Faculty Members

Dr. Xing-Zhen Chen

Professor
Department of Physiology
    Contact details are for academic matters only.

About Me

EMPLOYMENT AND TRAINING

Professor. 07/2011 –, Department of Physiology, University of Alberta, Canada.

Associate Professor. 07/2006 – 06/2011, Department of Physiology, University of Alberta.

Assistant Professor. 05/2000 – 06/2006, Department of Physiology, University of Alberta.

Instructor. 05/1999 – 05/2000, Harvard Medical School, USA.

Postdoctoral Fellow. 02/1997 – 05/1999, Brigham & Women’s Hospital, Harvard Medical School.

                                  Supervisor: Dr.
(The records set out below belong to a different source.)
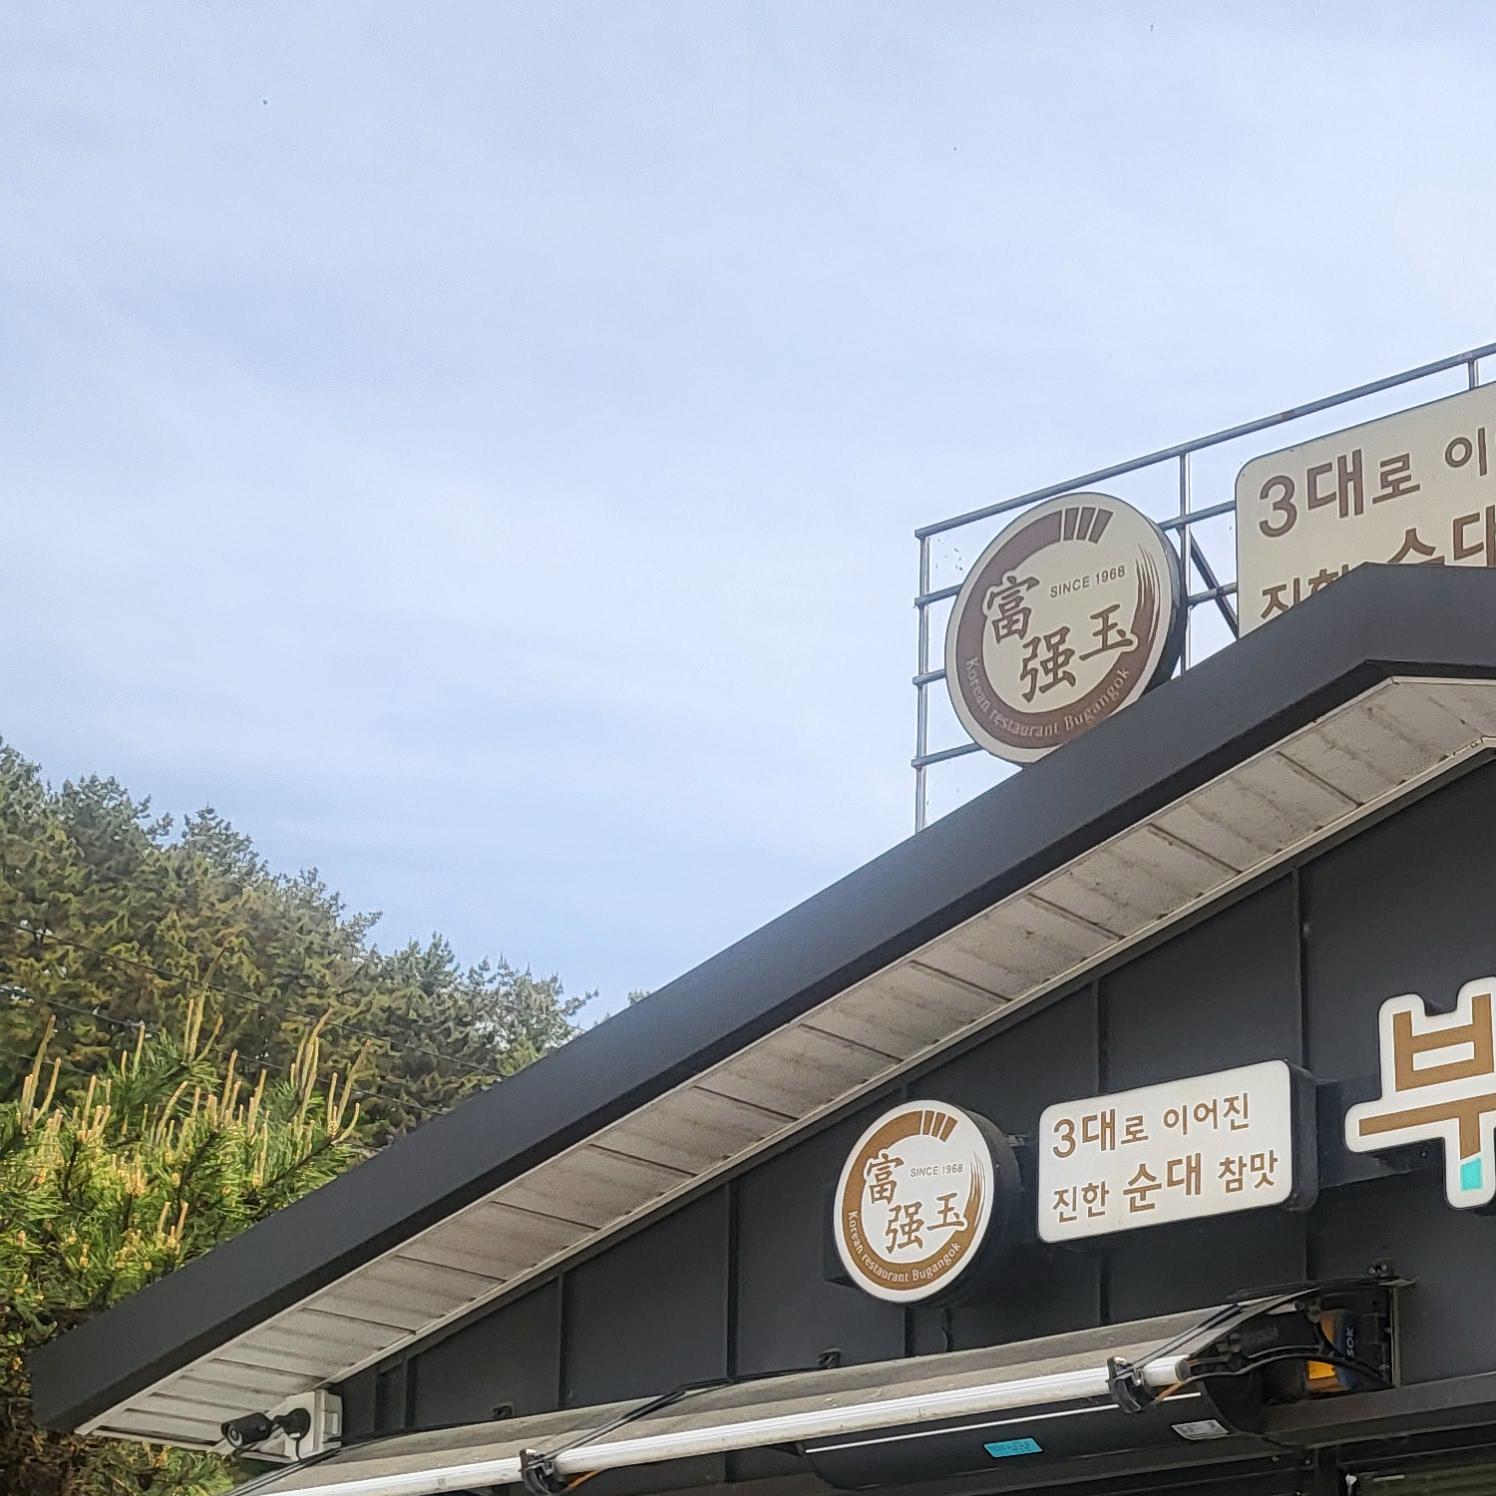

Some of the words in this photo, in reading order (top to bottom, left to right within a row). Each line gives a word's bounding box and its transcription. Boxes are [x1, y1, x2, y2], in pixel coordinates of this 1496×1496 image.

[1258, 447, 1421, 539] 3대로
[1049, 575, 1091, 599] SINCE
[1095, 564, 1126, 586] 1968
[966, 656, 991, 711] Korean
[990, 708, 1059, 738] restaurant
[1062, 667, 1130, 731] Bugangok
[1052, 1108, 1150, 1159] 3대로
[1162, 1092, 1250, 1136] 이어진
[909, 1165, 940, 1178] SINCE
[941, 1163, 964, 1176] 1968
[1052, 1180, 1110, 1224] 진한
[1122, 1152, 1202, 1214] 순대
[1217, 1149, 1279, 1194] 참맛
[847, 1210, 863, 1254] Korean
[861, 1254, 910, 1283] restaurant
[911, 1242, 961, 1282] Bugangok
Matthias A. Hediger.

Instructor. 08/1987 – 08/1991, Department of Biology, Zhejiang University, China.

EDUCATION

PhD in Physics. 09/1991 – 02/1997, Université de Montréal, Canada.

                              Supervisor: Dr. Jean-Yves Lapointe.

MSc in Physics. 09/1984 – 07/1987, Zhejiang University.

BSc in Physics. 02/1982 – 07/1984, Zhejiang University.

License candidate in Physics. 09/1981 02/1982, Université Pierre et Marie Curie - Paris VI, France.

DEUG A in Mathematics. 09/1979 07/1981, Université Claude Bernard - Lyon I, France.

French language learning. 02/1979 08/1979, Université de Rennes I, France.

BSc candidate in Computing Science. 10/1978 02/1979, Zhejiang University.

HONORS AND AWARDS

Senior Scholar, Alberta Heritage Foundation for Medical Research (AHFMR), 2006-2013.

Senior Scholar research prize, AHFMR, 2006-2013.

Research Award, Canada Foundation for Innovation New Opportunities (CFI NO).

Scholar, AHFMR, 2001-2006.

Scholar research prize, AHFMR, 2001-2006.

New Investigator, Canadian Institutes of Health Research (CIHR), 2000-2005.

Postdoctoral fellowship, International Human Frontier Science Program, 1998-2000.

Postdoctoral fellowship, Natural Sciences and Engineering Research Council of Canada (NSERC), 1998-2001, declined.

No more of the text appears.